In Part 1 of this series, we looked at the low-level aspects of Twisted, such as defining custom protocols. In a lot of ways, these low-level aspects of Twisted are the easiest to jump into. Even though asynchronous, non-blocking styles are somewhat novel for developers accustomed to threading, a new protocol can follow the examples in the Twisted Matrix documentation. The higher-level tools for Web development are undergoing more rapid flux, and have more API details to learn. In fact, Twisted's Web templating framework, woven, while becoming quite sophisticated, is unstable enough that I will only touch on it here.

A note on the name of the Twisted library is worthwhile. "Twisted Matrix Laboratories" is the name a geographically diverse group of developers call themselves, with a certain levity.
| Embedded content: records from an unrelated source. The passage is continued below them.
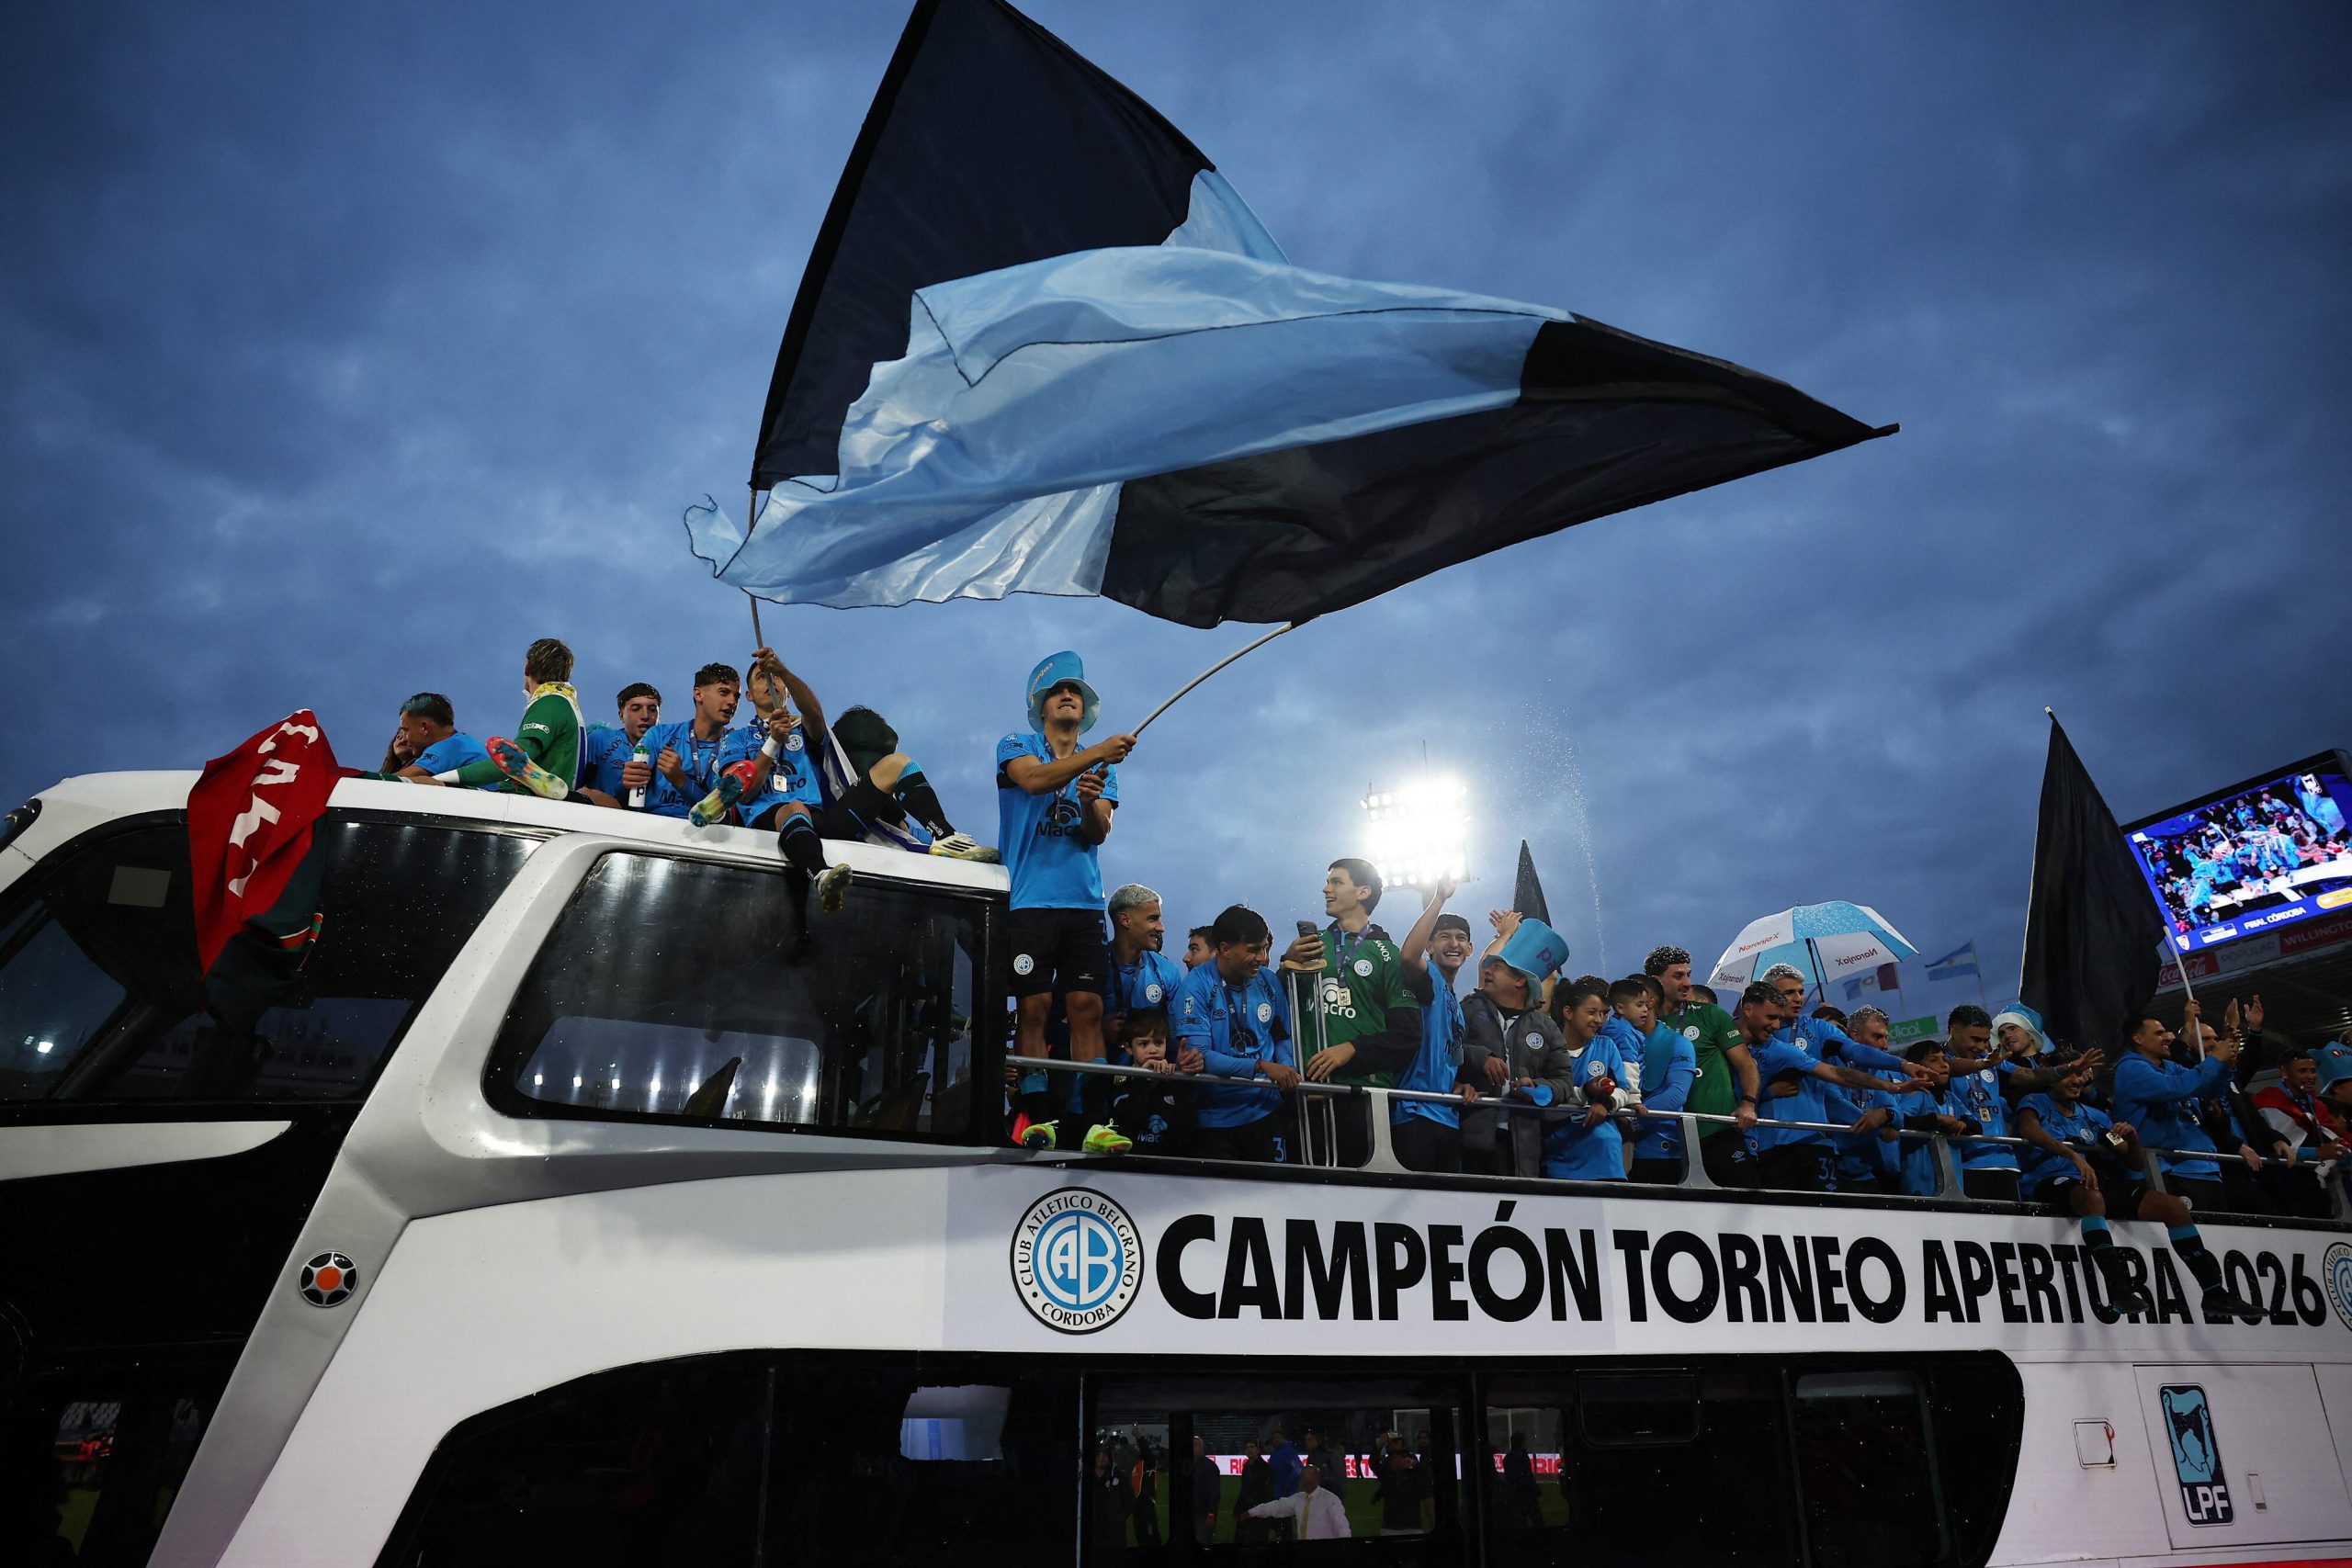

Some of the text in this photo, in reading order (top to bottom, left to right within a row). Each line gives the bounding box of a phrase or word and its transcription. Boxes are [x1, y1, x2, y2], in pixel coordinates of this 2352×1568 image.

[600, 737, 622, 762] SANOS
[1035, 821, 1079, 838] Mac
[2221, 941, 2276, 964] POPULAR
[2159, 956, 2207, 987] CocaCola
[1817, 1156, 1837, 1180] 32
[1018, 1195, 1137, 1288] CLUB ATLETICO BELGRANO
[1156, 1200, 1602, 1323] CAMPEÓN
[1614, 1230, 1906, 1324] TORNEO
[1922, 1239, 2195, 1325] APERTURA
[1041, 1302, 1116, 1326] CORDOBA
[2183, 1485, 2229, 1521] LPF
The Python library for event-driven network programming is called just "Twisted" -- my last column did not carefully distinguish the group from the product.

Enhancing the Weblog server

We looked earlier at a slightly-better-than-trivial server that used a custom protocol, with custom servers and clients, to remotely monitor hits to a Web site. For this installment, let's enhance that functionality with a Web-based interface. A certain URL can be used, in our scenario, to monitor the hits a Web site receives.

There is a very simple approach to a Web-based Weblog server that has nothing to do with Twisted per se. Suppose you simply let a Web page like Weblog.html list some information about the latest few hits to a Web site. In keeping with the prior examples, we will display the referrer and resource of a hit, but only when the request has a status code of 200 (and referrer is available). You can see an example of such a page (that is not being updated for content) at my Web site (see Resources for a link).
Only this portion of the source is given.